Türkiye, günlerdir bu konuyla çalkalanıyor. Siz bu satırları okurken, muhtemelen onlarca, yüzlerce duyarlı alimimiz harıl harıl reddiye yazıyordur. Beni ise, böyle durumlarda bir korku alır, yine bir yerlerimizi koparıp götürecekler diye. Hiç şaşmayan bir kuraldır: Kritik zamanlarda Müslümanların en duyarlı kesimini oluşturan alimleri oyalamak için ya kuru retoriklerle övüyorlar ya da bir psikolojik savaş taktiği olarak içeriden ve dışarıdan en kaba sözlerle İslam'ın kutsallarına saldırıyorlar. Şaşırtıcı olanı, alimlerimizin her seferinde, hiç sektirmeden bu tuzağa düşmeleri...

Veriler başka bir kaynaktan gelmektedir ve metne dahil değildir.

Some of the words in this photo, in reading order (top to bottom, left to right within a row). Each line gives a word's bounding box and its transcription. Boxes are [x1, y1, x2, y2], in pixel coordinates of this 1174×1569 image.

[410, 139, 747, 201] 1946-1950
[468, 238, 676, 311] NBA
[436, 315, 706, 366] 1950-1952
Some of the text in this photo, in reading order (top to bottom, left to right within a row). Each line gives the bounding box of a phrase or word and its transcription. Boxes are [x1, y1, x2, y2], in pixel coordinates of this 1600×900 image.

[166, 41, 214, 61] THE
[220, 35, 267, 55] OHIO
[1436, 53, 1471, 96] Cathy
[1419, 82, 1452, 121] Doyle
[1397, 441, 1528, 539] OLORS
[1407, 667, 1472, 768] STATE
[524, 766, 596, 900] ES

Müslümanlardan diyelim ki bir şey almak istiyorlar veya kendileri açısından çok karlı bir anlaşma imzalamanın arifesindeler. Gelsin övgüler. Başta peygamberimiz olmak üzere, İslam'ın bütün değerlerini yücelten söylemler, demeçler medyayı doldurur. Mesela Osmanlının, Almanların yanında birinci dünya savaşına girmesi gündemde iken, Alman imparatorunun, peygamberimize yönelik övgü dolu sözleri unutulur gibi değil. O zamanki alimler mest olmuşlardı. O sırada Almanya'nın bizdeki adı "mübarek Almanya" idi nitekim.

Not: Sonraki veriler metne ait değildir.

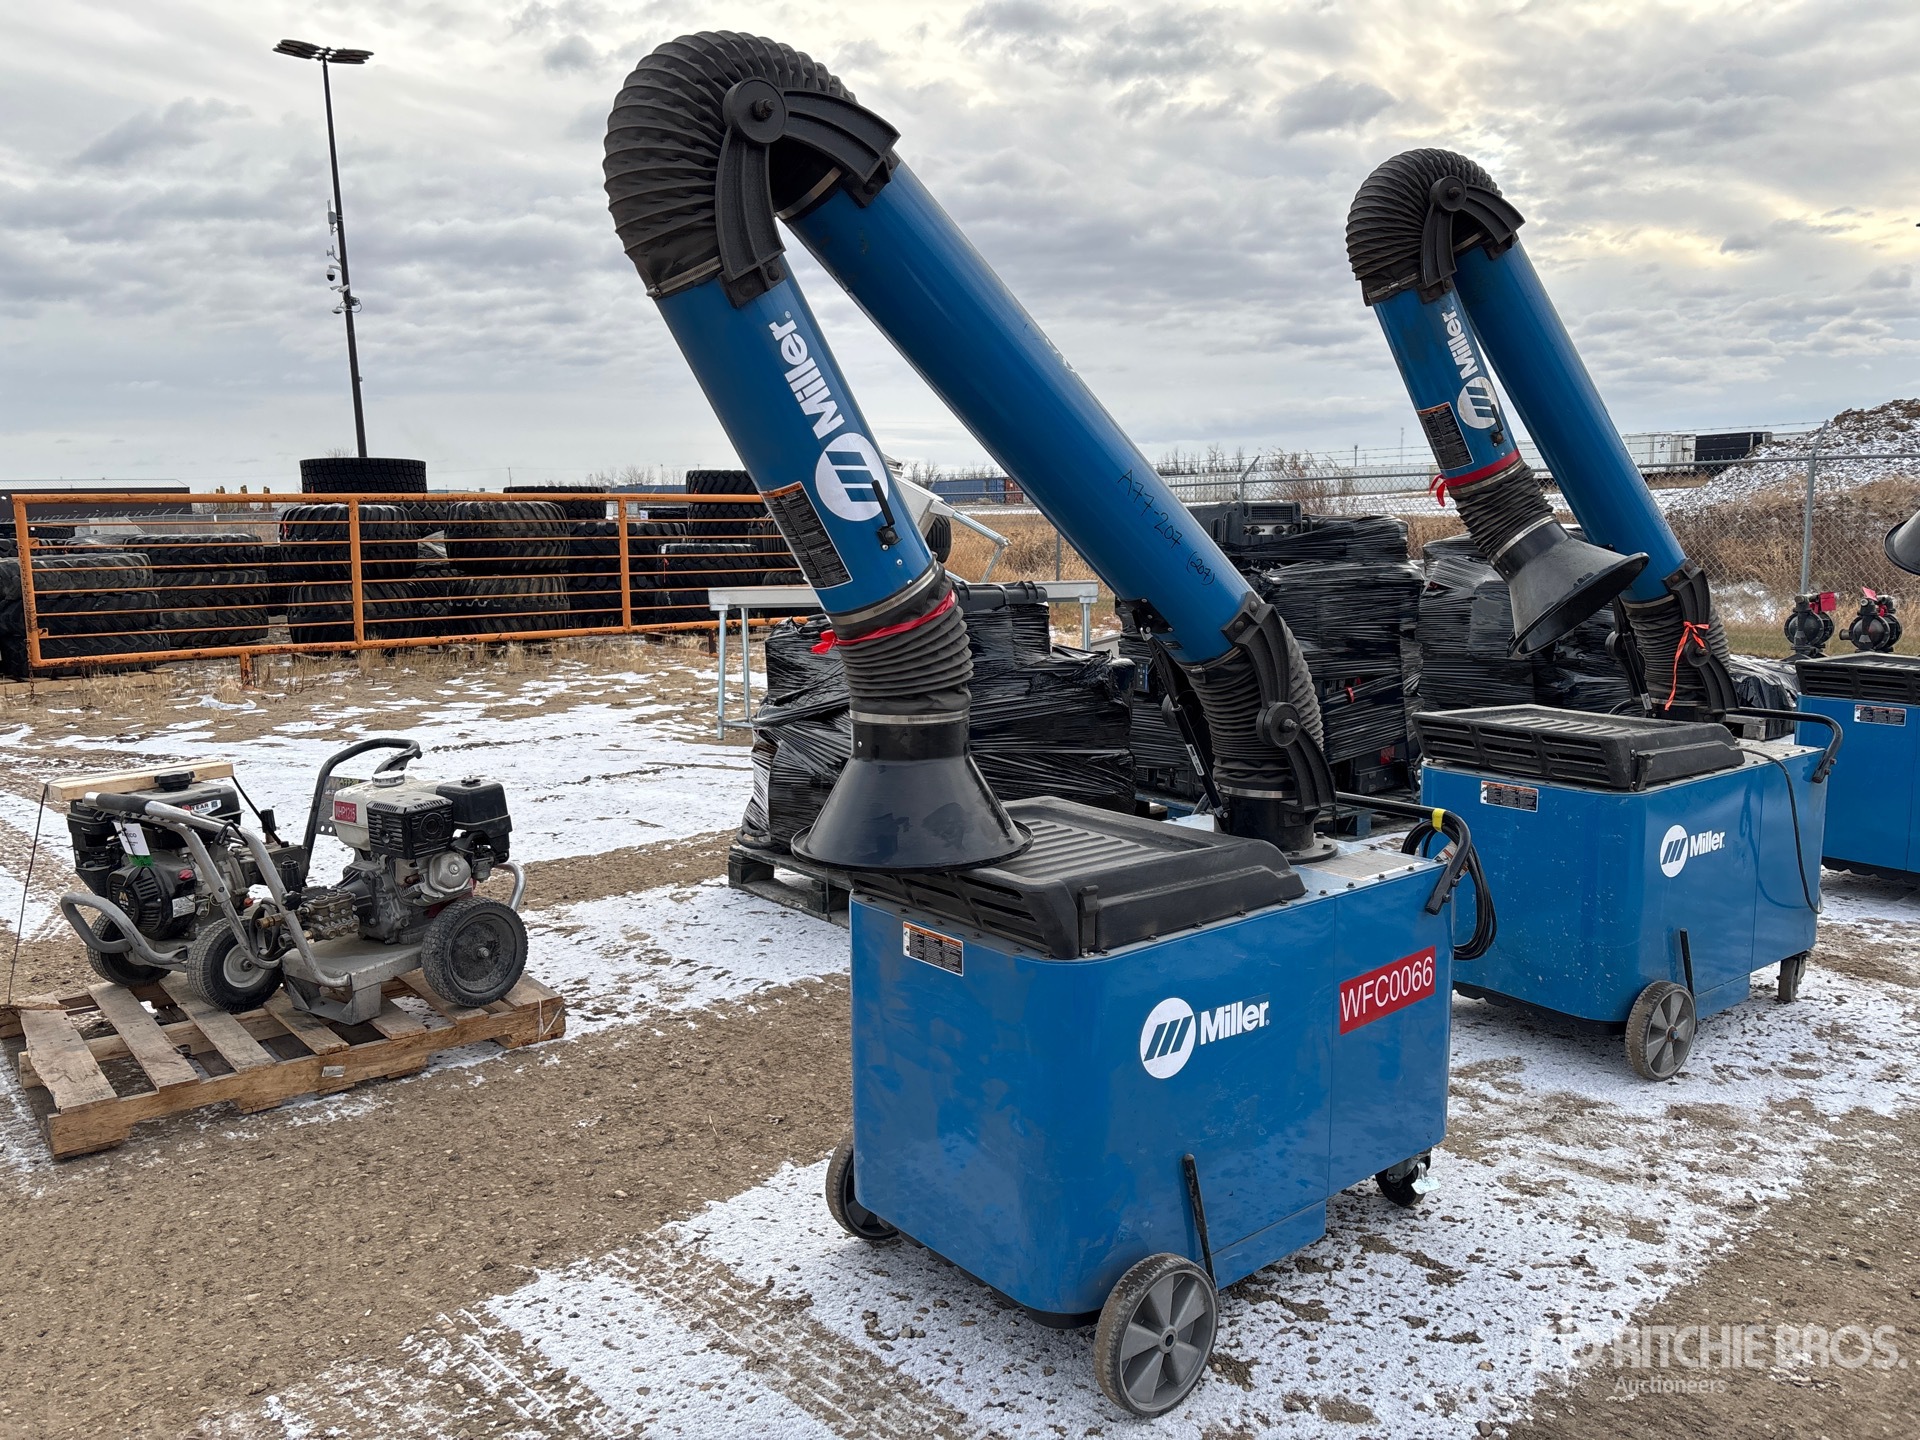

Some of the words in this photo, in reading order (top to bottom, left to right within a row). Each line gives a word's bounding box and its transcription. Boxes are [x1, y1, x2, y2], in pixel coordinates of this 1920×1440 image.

Yine yakın geçmişte, Sovyet yayılmacılığına karşı, Amerikan yayılmacılığının kontrolünde bir yeşil kuşak projesi gündemdeydi. O günlerde basın yayında ihtida haberlerinden, İslam'a yönelik övgülerden geçilmiyordu. Hemen hemen her gün, Müslüman olan bir ünlüye ilişkin haberleri okurduk gazetelerde. Kaptan Kusto mu dersin, Neil Armstrong mu dersin?!... Sovyet tehdidi, daha doğrusu Sovyet diye bir şey kalmayınca, bu tür güzellemeler de bıçakla kesilir gibi kesildi. Sonra görüldü ki ne Kusto Müslüman olmuş, ne de Armstrong ayda ezan sesini duymuş. ABD de bölgeye yerleşmişti bu arada.
Yergi ise, daha çok Müslümanlarla savaştıkları, onları kuşattıkları dönemlerde gündeme gelir. Hendek savaşından biliyoruz. On bin kişiden oluşan bir müşrik ordusu Medine'yi kuşatmıştı. Kur'an'ın ifadesiyle "yüreklerin gırtlağa dayandığı" bir savaş yürütülüyordu. İşte bu süreçte Medine içindeki Yahudiler çeşitli fitneler çıkarıyor, moralleri bozacak şayialar yayıyorlardı. Peygamberimizin şahsına, İslam dinine yönelik çirkin ifadeler kullanıyor, hakaretler ediyorlardı. Bu yüzden peygamberimiz, şehri savunmak durumunda olan ordusunun bir bölümünü bu fitneyi kontrol etmeleri için şehre geri göndermek zorunda kalmıştı. Bu, savunmaya odaklanmış Müslümanların dikkatini dağıtma, enerjilerini boşa harcatma, morallerini bozma taktiğiydi.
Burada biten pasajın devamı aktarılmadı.